As you can see, the bottom part of the nebula is deeply red where it’s not black; in some places the dust is so thick it utterly blocks the light from stars behind it. The upper part is blue, and is another reflection nebula.
This is a popular object with astronomers, and was also observed with the Spitzer Space Telescope, which looks much farther out in to the infrared than Hubble can, far enough where the warm dust itself glows. NGC 1333 looks like an entirely different beast to Spitzer:
Wow! This has roughly the same orientation as the visible light image, but is a slightly tighter shot. There are even more Herbig-Haro Objects in here; the one on the right of center has curved jets! That may be due to precession; the star is wobbling very slowly as it spins, like a top that’s starting to spin down. Over time, the direction of the jet changes, like a sprinkler shooting out water, giving it a curved appearance.

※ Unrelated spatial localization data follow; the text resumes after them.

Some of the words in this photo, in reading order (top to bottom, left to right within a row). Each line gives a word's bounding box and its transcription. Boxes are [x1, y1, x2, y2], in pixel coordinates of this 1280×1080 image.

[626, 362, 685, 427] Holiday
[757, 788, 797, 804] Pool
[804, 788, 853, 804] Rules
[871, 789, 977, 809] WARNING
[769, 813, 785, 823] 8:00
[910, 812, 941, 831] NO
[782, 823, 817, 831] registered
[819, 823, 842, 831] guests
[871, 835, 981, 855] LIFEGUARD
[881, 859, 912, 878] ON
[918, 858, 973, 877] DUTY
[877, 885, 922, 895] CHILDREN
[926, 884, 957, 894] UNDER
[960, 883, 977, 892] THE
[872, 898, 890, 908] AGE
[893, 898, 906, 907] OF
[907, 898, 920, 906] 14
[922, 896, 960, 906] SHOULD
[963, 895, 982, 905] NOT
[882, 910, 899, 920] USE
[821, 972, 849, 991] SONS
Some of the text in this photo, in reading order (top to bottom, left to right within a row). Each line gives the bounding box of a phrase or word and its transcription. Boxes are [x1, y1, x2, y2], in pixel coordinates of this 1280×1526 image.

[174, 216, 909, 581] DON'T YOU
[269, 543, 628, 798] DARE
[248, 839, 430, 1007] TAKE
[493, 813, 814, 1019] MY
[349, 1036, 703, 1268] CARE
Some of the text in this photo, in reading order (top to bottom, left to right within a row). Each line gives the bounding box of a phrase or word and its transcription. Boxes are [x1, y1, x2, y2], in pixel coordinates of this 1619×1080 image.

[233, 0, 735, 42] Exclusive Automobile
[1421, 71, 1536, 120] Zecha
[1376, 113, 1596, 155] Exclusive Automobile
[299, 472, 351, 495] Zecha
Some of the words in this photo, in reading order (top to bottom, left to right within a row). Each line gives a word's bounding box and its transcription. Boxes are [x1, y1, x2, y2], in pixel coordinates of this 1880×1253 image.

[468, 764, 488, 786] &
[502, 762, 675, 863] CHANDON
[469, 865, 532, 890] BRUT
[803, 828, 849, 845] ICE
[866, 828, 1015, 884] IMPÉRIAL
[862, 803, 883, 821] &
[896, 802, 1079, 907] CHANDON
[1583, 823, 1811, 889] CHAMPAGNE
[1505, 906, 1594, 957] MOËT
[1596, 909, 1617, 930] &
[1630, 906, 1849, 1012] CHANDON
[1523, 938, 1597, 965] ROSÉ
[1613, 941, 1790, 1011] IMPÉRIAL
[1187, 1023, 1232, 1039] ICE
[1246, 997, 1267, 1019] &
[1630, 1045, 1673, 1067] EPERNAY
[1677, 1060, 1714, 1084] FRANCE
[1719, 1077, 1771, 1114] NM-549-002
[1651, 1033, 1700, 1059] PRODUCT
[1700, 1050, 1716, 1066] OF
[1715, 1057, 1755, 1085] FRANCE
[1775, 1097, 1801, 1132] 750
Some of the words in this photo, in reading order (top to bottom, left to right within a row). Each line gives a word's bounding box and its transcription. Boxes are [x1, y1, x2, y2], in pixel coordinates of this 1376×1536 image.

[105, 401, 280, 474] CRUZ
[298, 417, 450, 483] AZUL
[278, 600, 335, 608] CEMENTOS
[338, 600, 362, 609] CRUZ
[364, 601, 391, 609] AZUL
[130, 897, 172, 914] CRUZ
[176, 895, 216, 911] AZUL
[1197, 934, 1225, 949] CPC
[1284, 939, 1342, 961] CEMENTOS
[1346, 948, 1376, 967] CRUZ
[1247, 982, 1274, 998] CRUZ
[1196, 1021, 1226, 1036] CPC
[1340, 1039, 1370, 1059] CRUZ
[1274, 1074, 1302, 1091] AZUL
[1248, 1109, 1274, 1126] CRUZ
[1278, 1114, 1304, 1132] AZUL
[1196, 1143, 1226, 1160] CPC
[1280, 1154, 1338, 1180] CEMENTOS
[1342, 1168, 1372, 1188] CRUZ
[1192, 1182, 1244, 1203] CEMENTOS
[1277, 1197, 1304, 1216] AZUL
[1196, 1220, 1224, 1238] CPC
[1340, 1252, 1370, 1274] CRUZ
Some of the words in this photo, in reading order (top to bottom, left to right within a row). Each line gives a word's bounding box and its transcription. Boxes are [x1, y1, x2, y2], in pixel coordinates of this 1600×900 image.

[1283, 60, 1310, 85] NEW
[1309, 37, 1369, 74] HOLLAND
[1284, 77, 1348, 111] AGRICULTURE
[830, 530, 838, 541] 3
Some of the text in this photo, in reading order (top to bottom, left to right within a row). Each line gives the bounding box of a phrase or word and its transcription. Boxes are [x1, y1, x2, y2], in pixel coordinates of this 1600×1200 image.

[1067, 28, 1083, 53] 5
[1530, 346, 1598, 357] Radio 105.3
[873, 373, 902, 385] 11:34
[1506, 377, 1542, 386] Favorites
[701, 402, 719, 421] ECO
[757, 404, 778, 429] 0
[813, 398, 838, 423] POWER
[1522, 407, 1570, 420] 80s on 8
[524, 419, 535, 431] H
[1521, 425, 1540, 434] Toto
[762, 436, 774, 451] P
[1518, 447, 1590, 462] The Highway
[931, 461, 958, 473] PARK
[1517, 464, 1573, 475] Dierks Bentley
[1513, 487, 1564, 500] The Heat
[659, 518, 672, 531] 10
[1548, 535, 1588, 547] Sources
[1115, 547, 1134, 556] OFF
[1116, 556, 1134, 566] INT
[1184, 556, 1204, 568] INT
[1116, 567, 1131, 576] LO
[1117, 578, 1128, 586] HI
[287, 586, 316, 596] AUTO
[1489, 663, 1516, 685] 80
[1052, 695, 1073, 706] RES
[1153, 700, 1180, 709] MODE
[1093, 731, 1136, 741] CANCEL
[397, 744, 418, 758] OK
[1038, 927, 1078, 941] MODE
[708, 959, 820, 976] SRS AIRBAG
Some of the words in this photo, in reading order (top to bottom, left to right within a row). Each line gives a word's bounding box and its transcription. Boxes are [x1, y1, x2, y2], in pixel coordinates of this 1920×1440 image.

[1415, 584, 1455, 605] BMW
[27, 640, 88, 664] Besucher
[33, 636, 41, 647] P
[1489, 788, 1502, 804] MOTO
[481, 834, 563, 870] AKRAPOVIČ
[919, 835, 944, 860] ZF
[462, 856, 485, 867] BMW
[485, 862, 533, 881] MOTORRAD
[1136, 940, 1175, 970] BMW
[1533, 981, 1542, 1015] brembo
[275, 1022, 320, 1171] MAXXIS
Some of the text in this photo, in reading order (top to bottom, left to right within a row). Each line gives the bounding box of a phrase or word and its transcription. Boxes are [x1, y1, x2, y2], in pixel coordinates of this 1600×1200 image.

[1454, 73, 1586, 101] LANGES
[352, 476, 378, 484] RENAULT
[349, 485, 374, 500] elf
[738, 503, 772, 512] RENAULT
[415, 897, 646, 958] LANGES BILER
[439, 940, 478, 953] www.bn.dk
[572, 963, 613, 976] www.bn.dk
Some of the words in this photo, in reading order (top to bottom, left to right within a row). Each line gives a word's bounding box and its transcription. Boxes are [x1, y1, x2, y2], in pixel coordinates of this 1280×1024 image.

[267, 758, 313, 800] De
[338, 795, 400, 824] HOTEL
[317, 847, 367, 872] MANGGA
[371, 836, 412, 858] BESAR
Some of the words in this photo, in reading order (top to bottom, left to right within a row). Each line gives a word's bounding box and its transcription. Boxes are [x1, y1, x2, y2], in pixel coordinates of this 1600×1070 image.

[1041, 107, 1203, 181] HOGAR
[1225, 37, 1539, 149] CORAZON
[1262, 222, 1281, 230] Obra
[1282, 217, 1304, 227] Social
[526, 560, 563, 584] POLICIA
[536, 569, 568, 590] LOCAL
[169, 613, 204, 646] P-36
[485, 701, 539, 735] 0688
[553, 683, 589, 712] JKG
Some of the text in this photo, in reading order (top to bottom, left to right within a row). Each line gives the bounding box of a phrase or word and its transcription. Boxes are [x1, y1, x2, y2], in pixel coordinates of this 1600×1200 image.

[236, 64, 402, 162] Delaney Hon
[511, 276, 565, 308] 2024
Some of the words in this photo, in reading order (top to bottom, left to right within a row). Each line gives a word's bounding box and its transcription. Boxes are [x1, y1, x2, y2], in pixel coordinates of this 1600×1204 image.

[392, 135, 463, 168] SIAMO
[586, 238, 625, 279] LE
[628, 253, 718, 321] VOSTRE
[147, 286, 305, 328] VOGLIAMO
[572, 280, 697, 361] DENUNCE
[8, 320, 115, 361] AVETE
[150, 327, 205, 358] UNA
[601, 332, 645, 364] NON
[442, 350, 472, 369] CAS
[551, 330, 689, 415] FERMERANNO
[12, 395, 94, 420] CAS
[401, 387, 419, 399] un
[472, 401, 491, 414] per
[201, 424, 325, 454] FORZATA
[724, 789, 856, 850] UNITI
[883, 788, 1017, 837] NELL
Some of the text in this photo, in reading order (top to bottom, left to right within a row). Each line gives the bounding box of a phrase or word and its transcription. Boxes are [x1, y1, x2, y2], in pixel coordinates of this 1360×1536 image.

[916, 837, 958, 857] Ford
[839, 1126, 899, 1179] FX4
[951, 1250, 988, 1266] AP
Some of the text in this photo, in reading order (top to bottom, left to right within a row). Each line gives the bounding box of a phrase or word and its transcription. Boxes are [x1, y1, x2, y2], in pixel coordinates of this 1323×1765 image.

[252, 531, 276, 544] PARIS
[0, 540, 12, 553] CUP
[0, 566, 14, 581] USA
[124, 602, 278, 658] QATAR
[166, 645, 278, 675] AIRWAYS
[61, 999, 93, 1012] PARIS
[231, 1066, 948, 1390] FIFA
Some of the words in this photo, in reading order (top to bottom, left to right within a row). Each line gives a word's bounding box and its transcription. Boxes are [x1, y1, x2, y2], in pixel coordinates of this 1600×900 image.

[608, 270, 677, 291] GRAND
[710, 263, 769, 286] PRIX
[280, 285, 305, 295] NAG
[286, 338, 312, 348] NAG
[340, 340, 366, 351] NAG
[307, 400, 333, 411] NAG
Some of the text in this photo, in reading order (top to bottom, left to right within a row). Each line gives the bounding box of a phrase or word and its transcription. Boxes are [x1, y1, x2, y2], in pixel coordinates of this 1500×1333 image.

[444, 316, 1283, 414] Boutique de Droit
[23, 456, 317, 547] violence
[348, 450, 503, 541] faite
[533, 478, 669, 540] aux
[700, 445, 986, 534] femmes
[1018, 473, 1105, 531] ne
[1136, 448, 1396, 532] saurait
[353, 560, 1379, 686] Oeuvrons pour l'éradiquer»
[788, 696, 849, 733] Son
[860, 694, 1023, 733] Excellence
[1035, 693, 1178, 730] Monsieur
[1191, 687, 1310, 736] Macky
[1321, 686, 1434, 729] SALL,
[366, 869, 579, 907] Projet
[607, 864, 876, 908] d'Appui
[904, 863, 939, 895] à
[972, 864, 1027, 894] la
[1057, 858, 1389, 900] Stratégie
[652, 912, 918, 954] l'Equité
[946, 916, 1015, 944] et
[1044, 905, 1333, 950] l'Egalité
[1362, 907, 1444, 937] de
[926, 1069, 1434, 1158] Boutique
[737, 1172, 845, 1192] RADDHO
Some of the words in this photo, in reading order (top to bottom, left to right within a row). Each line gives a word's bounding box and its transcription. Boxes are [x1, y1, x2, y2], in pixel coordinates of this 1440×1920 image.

Wanna see it look really different, though? Then how about this:
Yes, that’s still NGC 1333, but now you’re seeing the X–rays coming from it, detected using the Chandra X-ray Observatory. The dots are all X-ray sources: The young stars in the nebula! It’s not clear what is causing them to emit X-rays, which takes a lot of energy, but it’s likely something to do with their strong magnetic fields interacting with gas in the disks surrounding them. Particles swept up in magnetic fields can gain vast amounts of energy that they then radiate away as X-rays.
[Note: If you want yet another view, take a gander at this amazing composite Robert Gendler put together using various telescopes.]
I’ve said this before (a zillion times): What you see in astronomy depends on how you see it. And look what happens when you change your eyes! You see deeper into the nebula, grasp the forces forming stars and blowing vast bubbles in the gas, or watch as star and gas interact via magnetism on a scale billions or even trillions of kilometers long.
Even the familiar becomes unfamiliar when viewed a different way, but that’s the point, isn’t it? When you do, you learn something new, and appreciate it in a different way. In the Universe as it is in life, it pays dividends to appreciate different things in different ways. You get a much richer view of all around you when you do.